3) Vascular Ring Anomalies are likely to have a hereditary basis. They are a congenital defect most often due to the persistence of an artery (the right aortic arch) that normally is lost during fetal development. The PRAA (persistent right aortic arch) forms a ring around the esophagus, entrapping it and causing it to be narrowed so that food cannot easily pass through the constricted area. Symptoms are usually exhibited early in life (less than 6 months or so) and the diagnostic road is similar to that of megaesophagus.

4) Esophagitis is an inflammation of the esophagus and is usually secondary to gastroesophageal or gastrointestinal acid reflux. Endoscopy, biopsy and/or radiography can be useful to help diagnose this disease. It can be mild to severe, but is often able to be medically managed.

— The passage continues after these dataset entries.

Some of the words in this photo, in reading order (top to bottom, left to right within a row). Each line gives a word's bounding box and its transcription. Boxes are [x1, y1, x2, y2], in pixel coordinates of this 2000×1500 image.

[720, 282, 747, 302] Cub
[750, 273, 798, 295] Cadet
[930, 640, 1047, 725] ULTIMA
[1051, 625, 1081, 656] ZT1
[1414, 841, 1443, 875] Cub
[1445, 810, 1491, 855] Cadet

The last topic I will address in relation to a chronic vomiting or gagging frenchie is food allergies and/or inflammatory bowel disease. This is a condition where your dog is actually allergic to some ingredient(s) in its daily diet or treats. This can result in continual or intermittent vomiting of food or bile. Usually this would be in conjunction with abnormal bowel movements as well, but not always. This would certainly be something to consider when ruling out reasons why your frenchie is having trouble.

Many of the above described issues can be medically managed with a combination of acid reflux drugs (i.e. Pepcid, Prevacid, Tagamet) and drugs which coat the stomach and esophageal lining (Carafate, etc). This is the reason why so many Frenchie owners will see and improvement if they blindly place their dog on these medications. But I would urge you to try and find out why your dog is doing this, especially if you are entertaining thoughts of breeding this dog. Certainly these represent only a handful of the reasons why a dog could exhibit vomiting, regurgitation or gagging, but they do seem to be among the more common reasons. I do hope this has given you some food for thought and perhaps you may even have a Frenchie now who can benefit from this information. Remember, if you think your frenchie exhibits any of these signs more often than you think they ought to, please take them to your vet, as it may not just be “normal”.